Today, Mr. Obama had words of praise for Sergeant Crowley's record but suggested Gates should not have been handcuffed and said more broadly that the whole thing is a distraction.

(BEGIN VIDEO CLIP)

OBAMA: Well, Terry, I think this is a classic example at a time when we're struggling about health care, energy, we've got two wars going on, that issues like this get elevated in ways that probably don't make much sense.

(END VIDEO CLIP)

SHUSTER: Let's bring in Chris Cillizza, White House reporter for "The Washington Post" and author of the paper's political blog, "The Fix."

And, Chris, good evening.

CHRIS CILLIZZA, THE WASHINGTON POST: Good evening, David.

SHUSTER: President Obama not only said the police acted stupidly, he also said, quote, "Any of us would be pretty angry." I wonder if any white person would also be pretty angry of Sergeant Crowley's behavior or whether some white people might feel less threatened because whites do not have the same history with police.

CILLIZZA: Well, let me take a cue at least for the first part of what President Obama said and say, "I can't comment really about the racial element of this simply not being here. Obviously, I followed this pretty closely but not being there, I don't want to get in to it."

But I think the political mistake that the president made here, David, was, he had it right when he said, "I don't know all the facts here." He could have said, "Look, Professor Gates is a friend of mine. I support him and I - you know, I'm not sure exactly how this is going to turn out. But I broadly support him."

Instead, he gave a much longer answer after that caveat that I think probably got him in to this political hot water where we find him.

SHUSTER: Do you get the sense that Mr. Obama considers issues around race and police to be a distraction? Or as you put it, just a tempest over the use of the word "stupid"?

CILLIZZA: I would bet the latter is what he thinks right now. I think he - this whole press conference, David, was aimed at health care, driving the health care message. It's urgent. We need to do it. It needs to happen now.

Every question except one prior to that last question asked by the "Chicago Sun-Times'" Lynn Sweet was about health care and the other question was about the economy. That last question, when he said "acted stupidly," look, Barack Obama didn't get elected president because he is a bad politician. I am certain he knew that when he said that, he would have liked to take it back.

SHUSTER: Politically, the right wing condemnation of President Obama seems strange when you consider the libertarian view of government agents who go into your home. If the homeowner had been a prominent white man and the president had been asked about it and chose not to express outrage, wouldn't conservatives and libertarians have hammered Mr. Obama?
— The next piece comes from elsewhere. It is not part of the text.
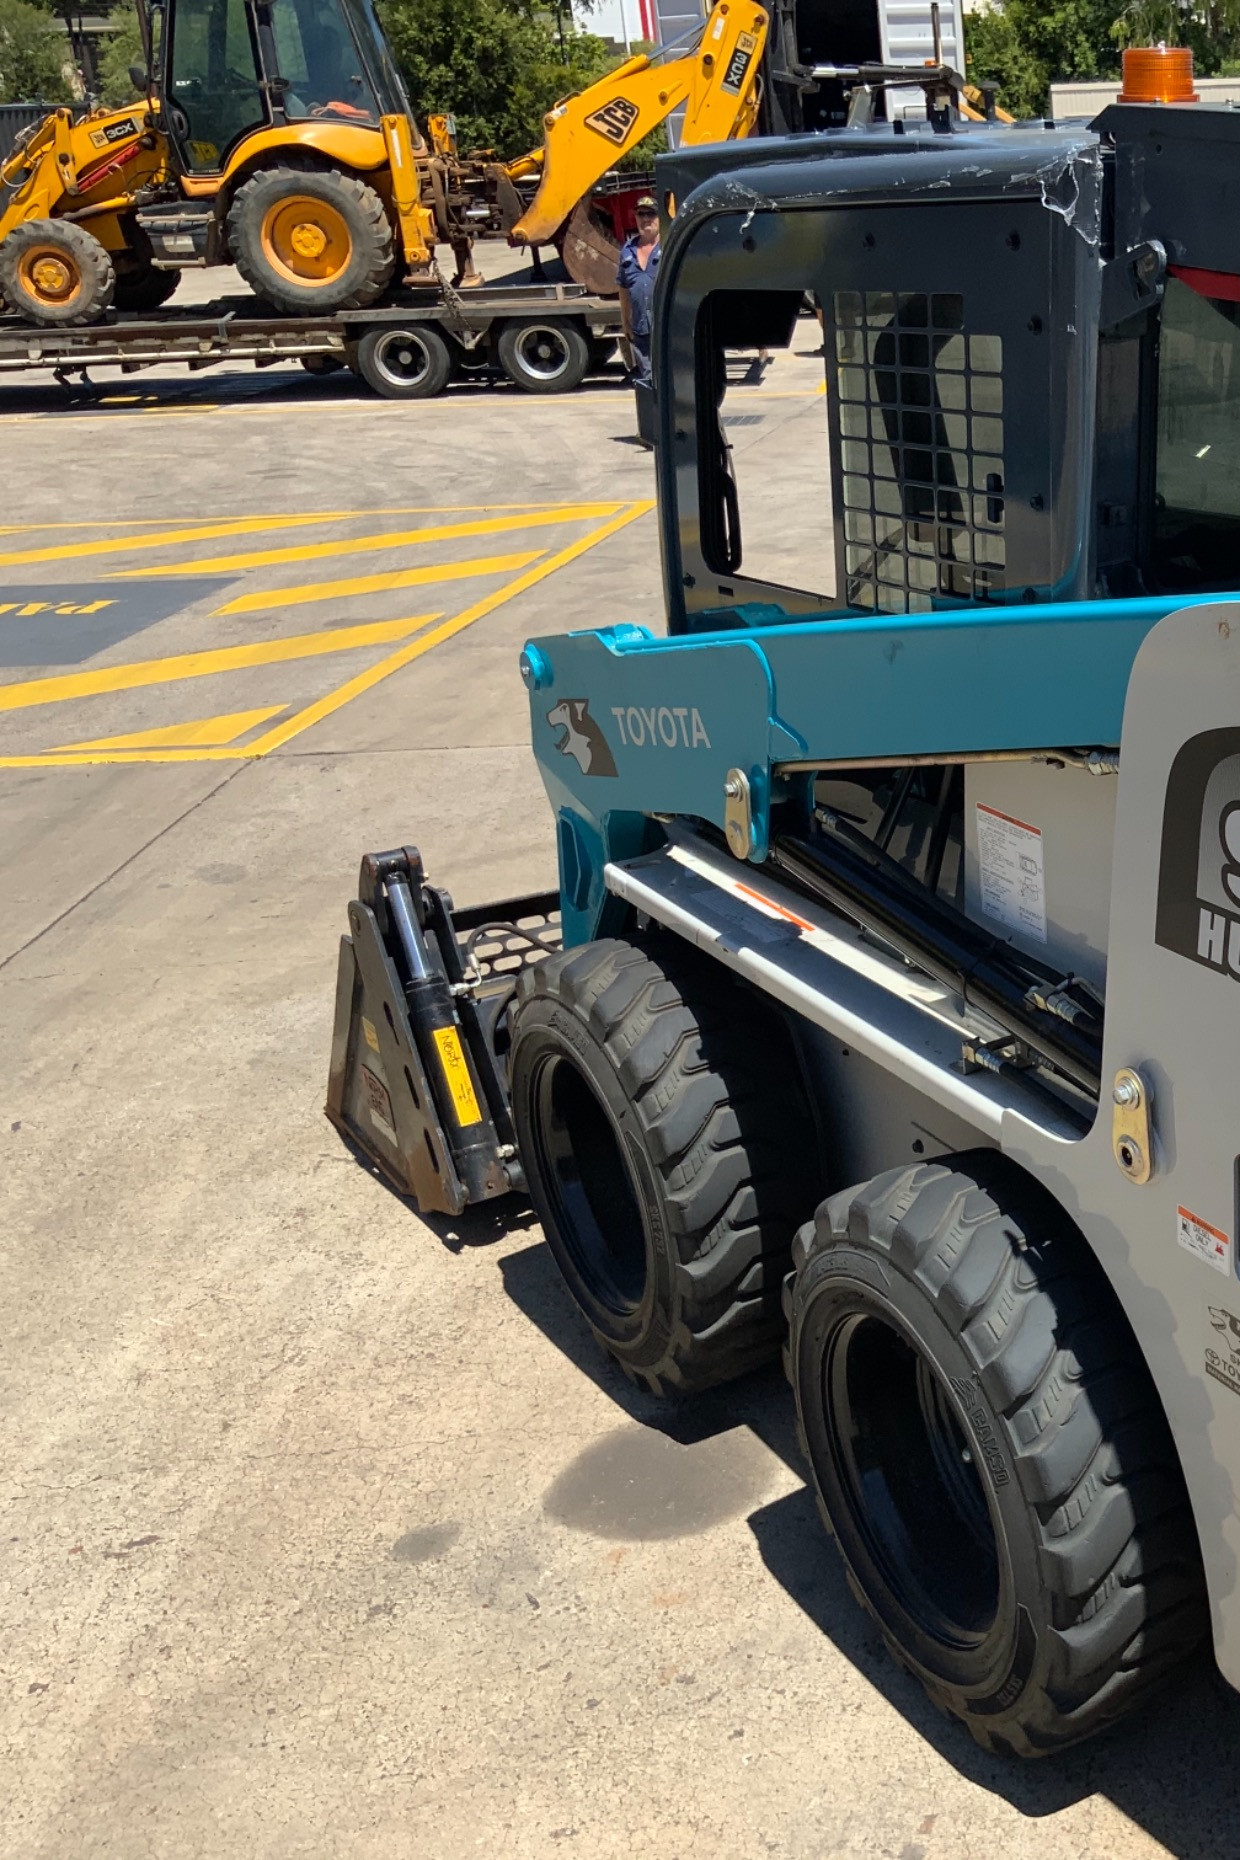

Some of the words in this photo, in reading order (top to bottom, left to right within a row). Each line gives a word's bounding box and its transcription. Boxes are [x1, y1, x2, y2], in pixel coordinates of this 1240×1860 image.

[727, 52, 748, 85] 3CX
[106, 122, 134, 139] 3CX
[593, 100, 636, 140] JCB
[611, 706, 711, 748] TOYOTA
CILLIZZA: Probably, but that's politics, David.

(LAUGHTER)

CILLIZZA: Remember, you know, maybe I see things through too political a sphere. But that's sort of the lens that I look through in my daily life. This is politics.

The Republican Party hasn't had a lot to distract the public from some of these broader issues. This is a way to say, look, health care has slowed. Harry Reid has put up the vote until September now. Now, you got this issue.

All of these things are moving around. And what it does, it muddles the White House's message. Any day that Republicans were out of power at the White House, out of power in the Senate, out of power in the House, can muddle the White House Democratic message. They have to consider it a good day from a purely political perspective.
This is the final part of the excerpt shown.